Kantor atau lebih tepatnya disebut galeri seni ini membuka peluang besar bagi Difal agar ia bisa meraih mimpinya. Kegemarannya melukis sejak kecil memberinya harapan besar untuk menjadi seorang pelukis. Beberapa penghargaan pernah ia dapatkan saat masih duduk di bangku SD hingga ia menempuh pendidikan akhir. Namun, semua itu berhenti begitu saja. Kedua tangannya yang biasanya menciptakan sebuah karya indah menjadi terlihat seperti sampah di matanya. Hal itu membuat Difal nyaris putus asa. Bertahun-tahun.
Sekarang, kesempatan itu berdiri tepat di hadapannya.

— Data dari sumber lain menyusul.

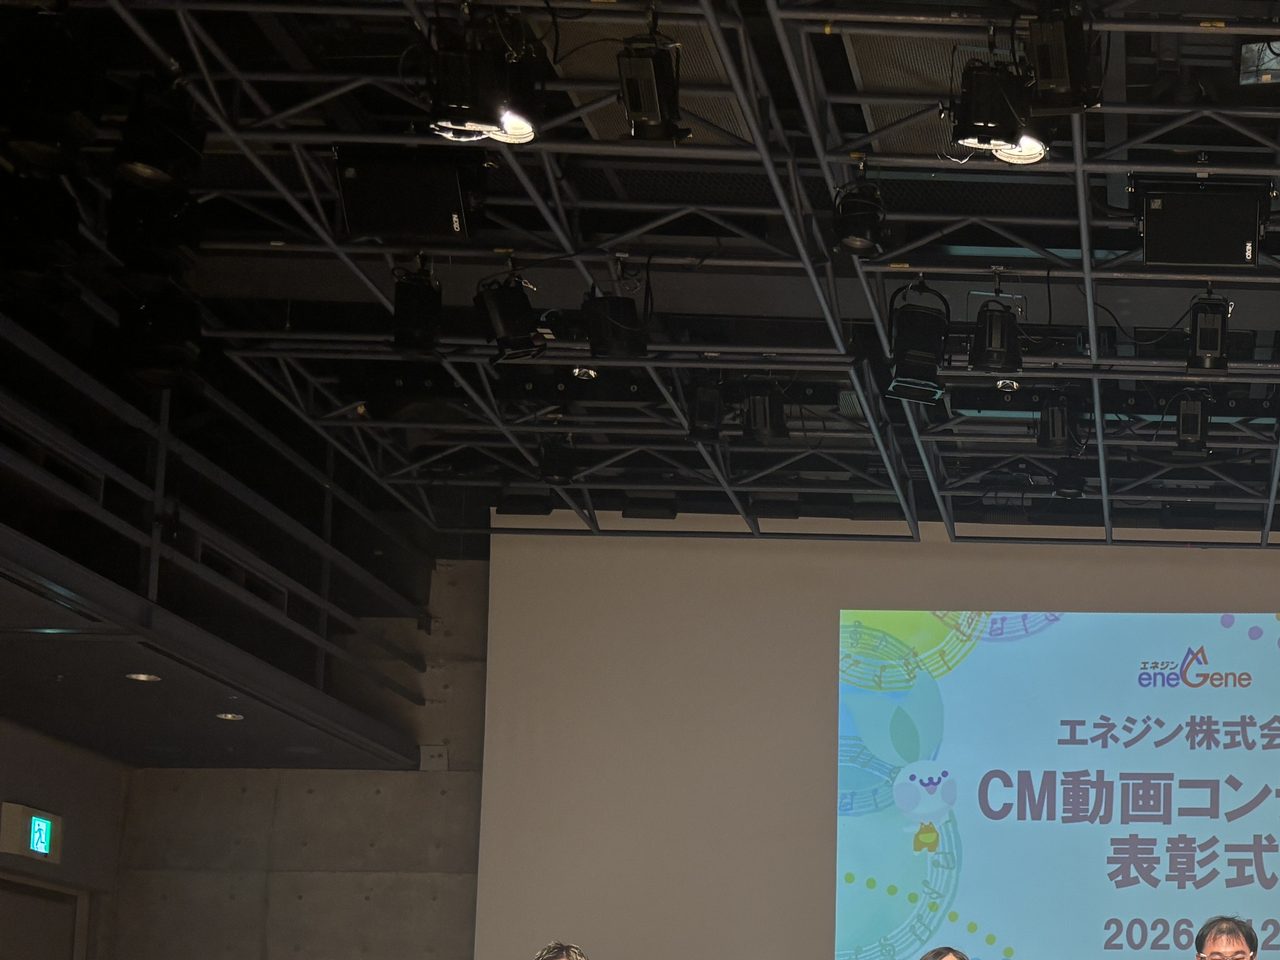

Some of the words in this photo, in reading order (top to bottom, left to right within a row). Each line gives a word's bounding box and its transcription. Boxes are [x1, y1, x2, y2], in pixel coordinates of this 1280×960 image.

[1140, 661, 1179, 671] エネジン
[1106, 834, 1280, 890] 表彰式
[1103, 918, 1194, 950] 2026

Usahanya akhirnya membuahkan hasil.
Belum sempat Difal beranjak dari tempatnya, Ibra kembali muncul dengan tergesa-gesa.
"Ke mana lo?" tanya Difal.
"Nge-date, bro. Kalau Pak Idwan nanyain gue, bilang aja gue keluar ketemu klien."
"Kliennya cewek atau cowok?"
"Cewek. Cantik banget. Klien masa depan gue, nih!" Ibra tertawa, lalu melenggang pergi.
Tak lama kemudian, sebuah pesan masuk di ponsel Difal.
Dari Alanda.
Mimpi buruknya.
Ia berpikir setelah kejadian minggu lalu, mimpi buruk itu juga telah pergi dari hidupnya. Nyatanya Alanda mampu membuat Difal bertahan meski dalam keadaan di antara percaya dan tidak percaya pada hubungan mereka.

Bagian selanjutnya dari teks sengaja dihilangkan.